BOOK FIFTEEN: 1812 - 13
18. CHAPTER XVIII
 (continued)
"No, it cannot be! How happy I am! But it can't be.... How happy I
 am! No, it can't be!" Pierre kept saying as he kissed Princess
 Mary's hands. 
"Go to Petersburg, that will be best. And I will write to you,"
 she said. 
"To Petersburg? Go there? Very well, I'll go. But I may come again
 tomorrow?" 
Next day Pierre came to say good-by. Natasha was less animated
 than she had been the day before; but that day as he looked at her
 Pierre sometimes felt as if he was vanishing and that neither he nor
 she existed any longer, that nothing existed but happiness. "Is it
 possible? No, it can't be," he told himself at every look, gesture,
 and word that filled his soul with joy. 
When on saying good-by he took her thin, slender hand, he could
 not help holding it a little longer in his own. 
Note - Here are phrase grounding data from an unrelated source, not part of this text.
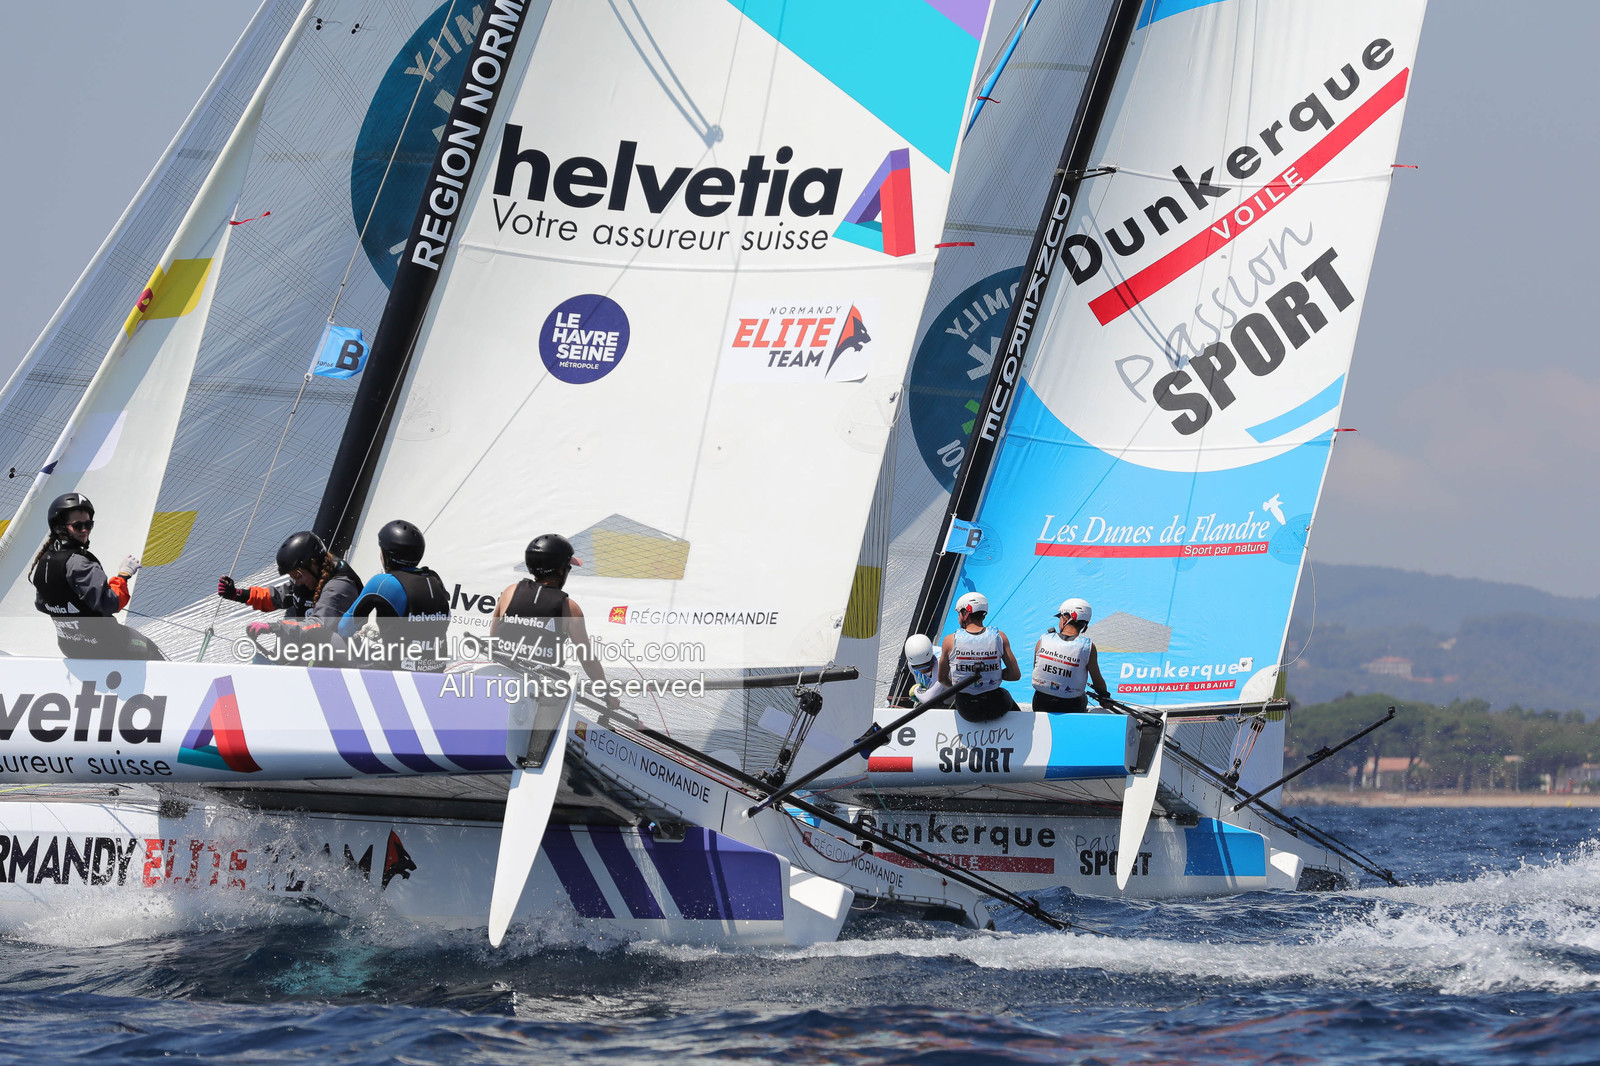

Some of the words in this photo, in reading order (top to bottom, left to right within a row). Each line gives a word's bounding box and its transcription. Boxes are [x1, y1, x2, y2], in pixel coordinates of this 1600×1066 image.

[492, 122, 844, 218] helvetia
[1060, 37, 1395, 286] Dunkerque
[411, 118, 481, 271] REGION
[1211, 166, 1304, 241] VOILE
[493, 197, 578, 241] Votre
[592, 222, 730, 252] assureur
[740, 221, 829, 252] suisse
[555, 312, 581, 328] LE
[769, 305, 842, 315] NORMANDY
[981, 192, 1071, 442] DUNKERQUE
[552, 328, 620, 347] HAVRE
[732, 318, 836, 348] ELITE
[1152, 246, 1355, 436] SPORT
[335, 339, 364, 371] B
[556, 344, 616, 362] SEINE
[768, 350, 824, 367] TEAM
[559, 360, 600, 370] MÉTROPOLE
[966, 528, 982, 549] B
[1037, 514, 1078, 543] Les
[1080, 516, 1153, 544] Dunes
[1160, 514, 1186, 544] de
[1189, 510, 1270, 543] Flandre
[1184, 544, 1212, 556] Sport
[1214, 546, 1231, 556] par
[1234, 542, 1267, 553] nature
[408, 611, 447, 622] helvetia
[504, 613, 544, 629] helvetia
[630, 608, 690, 625] RÉGION
[692, 611, 779, 625] NORMANDIE
[1043, 664, 1072, 678] JESTIN
[1120, 660, 1239, 681] Dunkerque
[1118, 683, 1190, 692] COMMUNAUTÉ
[1194, 680, 1235, 690] URBAINE
[87, 750, 173, 776] suisse
[590, 730, 638, 767] RÉGION
[640, 756, 710, 803] NORMANDIE
[938, 747, 1014, 773] SPORT
[852, 855, 904, 888] NORMANDIE
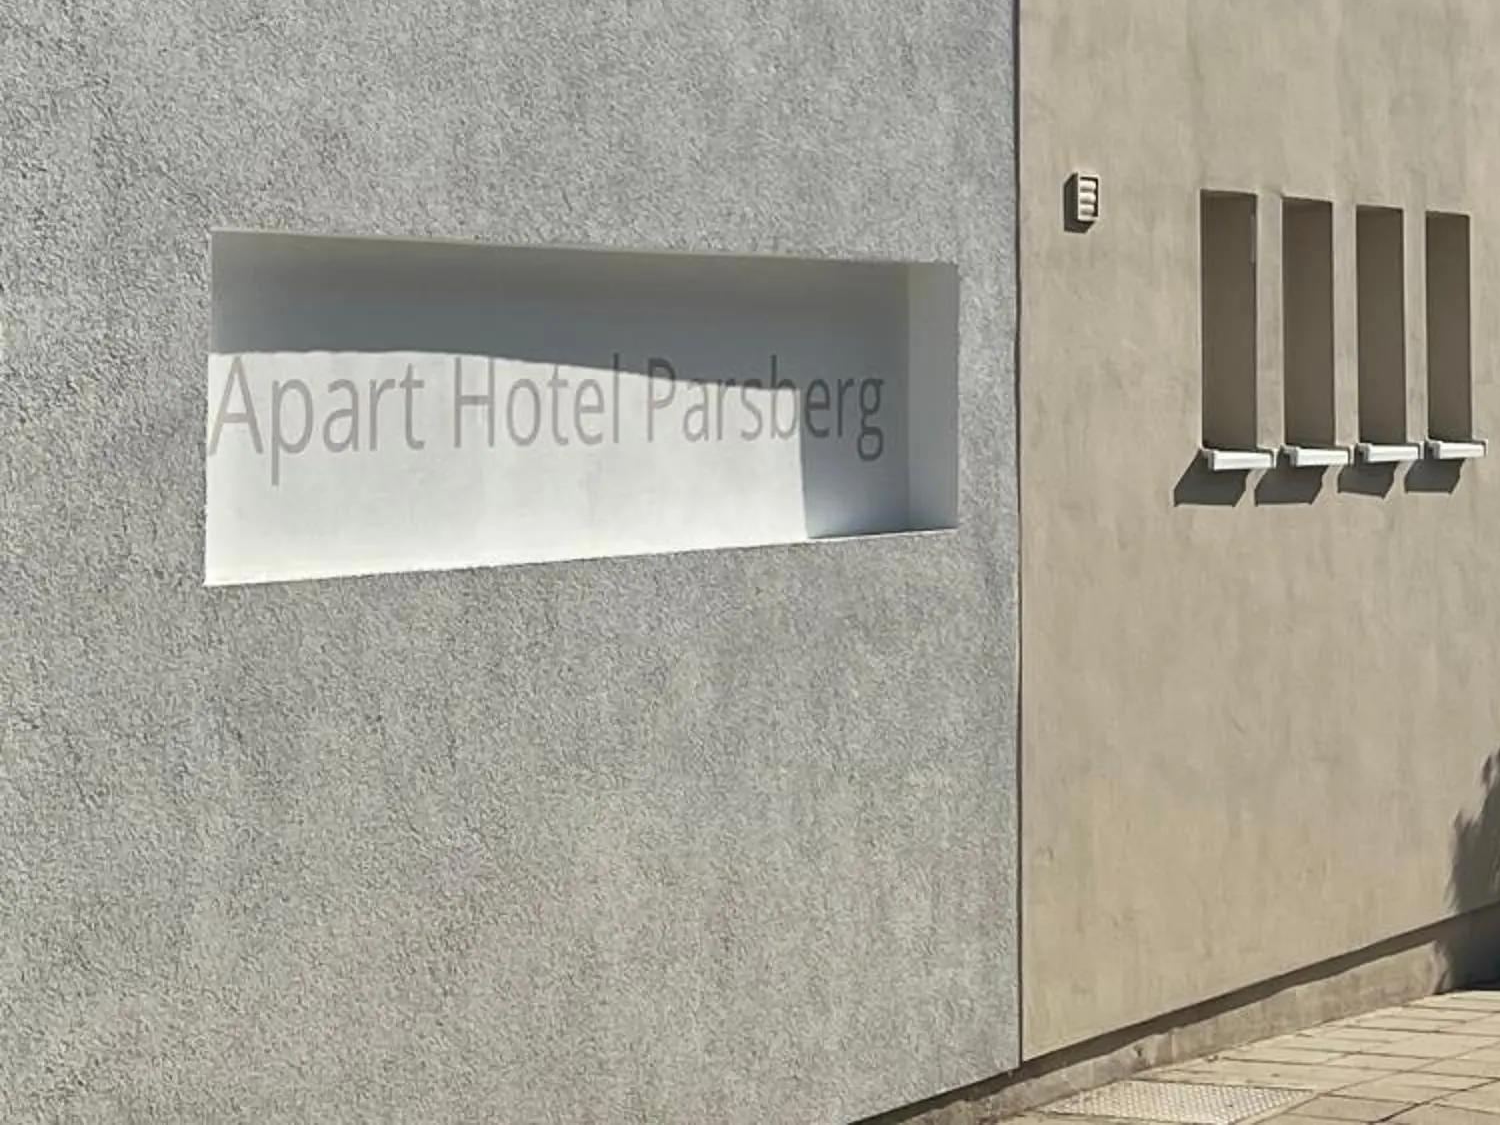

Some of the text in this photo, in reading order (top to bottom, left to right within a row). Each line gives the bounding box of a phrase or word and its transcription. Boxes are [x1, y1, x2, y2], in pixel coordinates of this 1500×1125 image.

[208, 354, 885, 486] Apart Hotel Parsberg
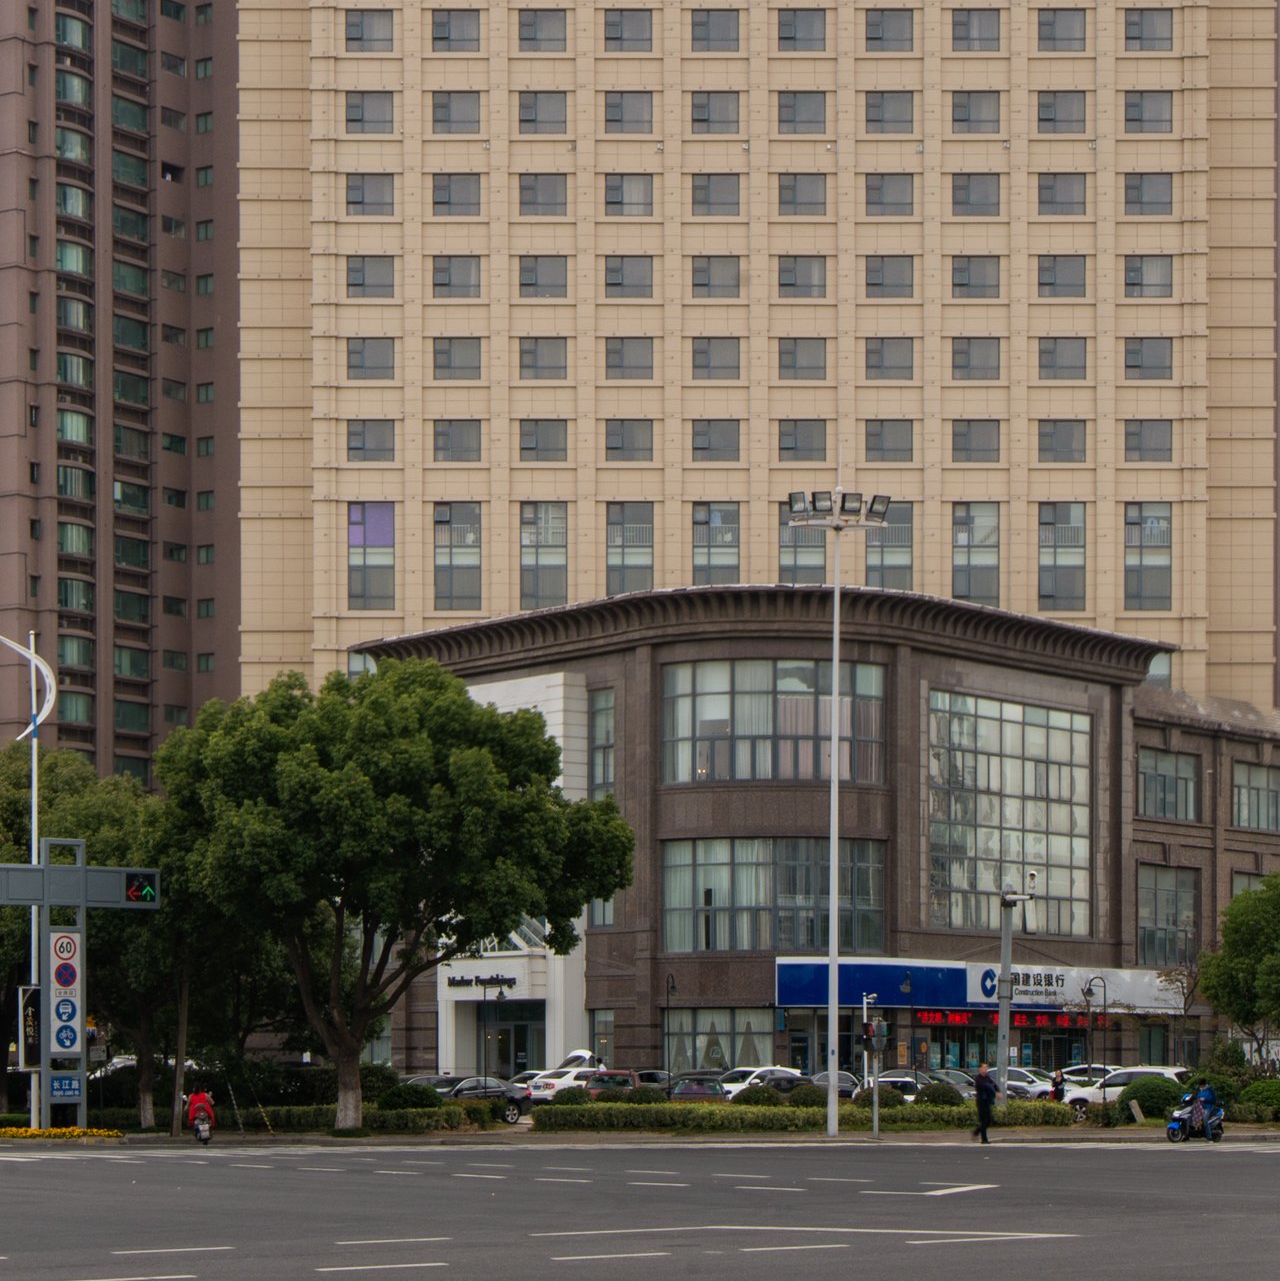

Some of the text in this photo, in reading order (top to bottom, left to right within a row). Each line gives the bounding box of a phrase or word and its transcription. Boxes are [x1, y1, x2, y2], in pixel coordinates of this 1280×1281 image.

"Is it possible that this hand, that face, those eyes, all this
 treasure of feminine charm so strange to me now, is it possible that
 it will one day be mine forever, as familiar to me as I am to
 myself?... No, that's impossible!..." 
"Good-by, Count," she said aloud. "I shall look forward very much to
 your return," she added in a whisper. 
And these simple words, her look, and the expression on her face
 which accompanied them, formed for two months the subject of
 inexhaustible memories, interpretations, and happy meditations for
 Pierre. "'I shall look forward very much to your return....' Yes, yes,
 how did she say it? Yes, 'I shall look forward very much to your
 return.' Oh, how happy I am! What is happening to me? How happy I am!"
 said Pierre to himself.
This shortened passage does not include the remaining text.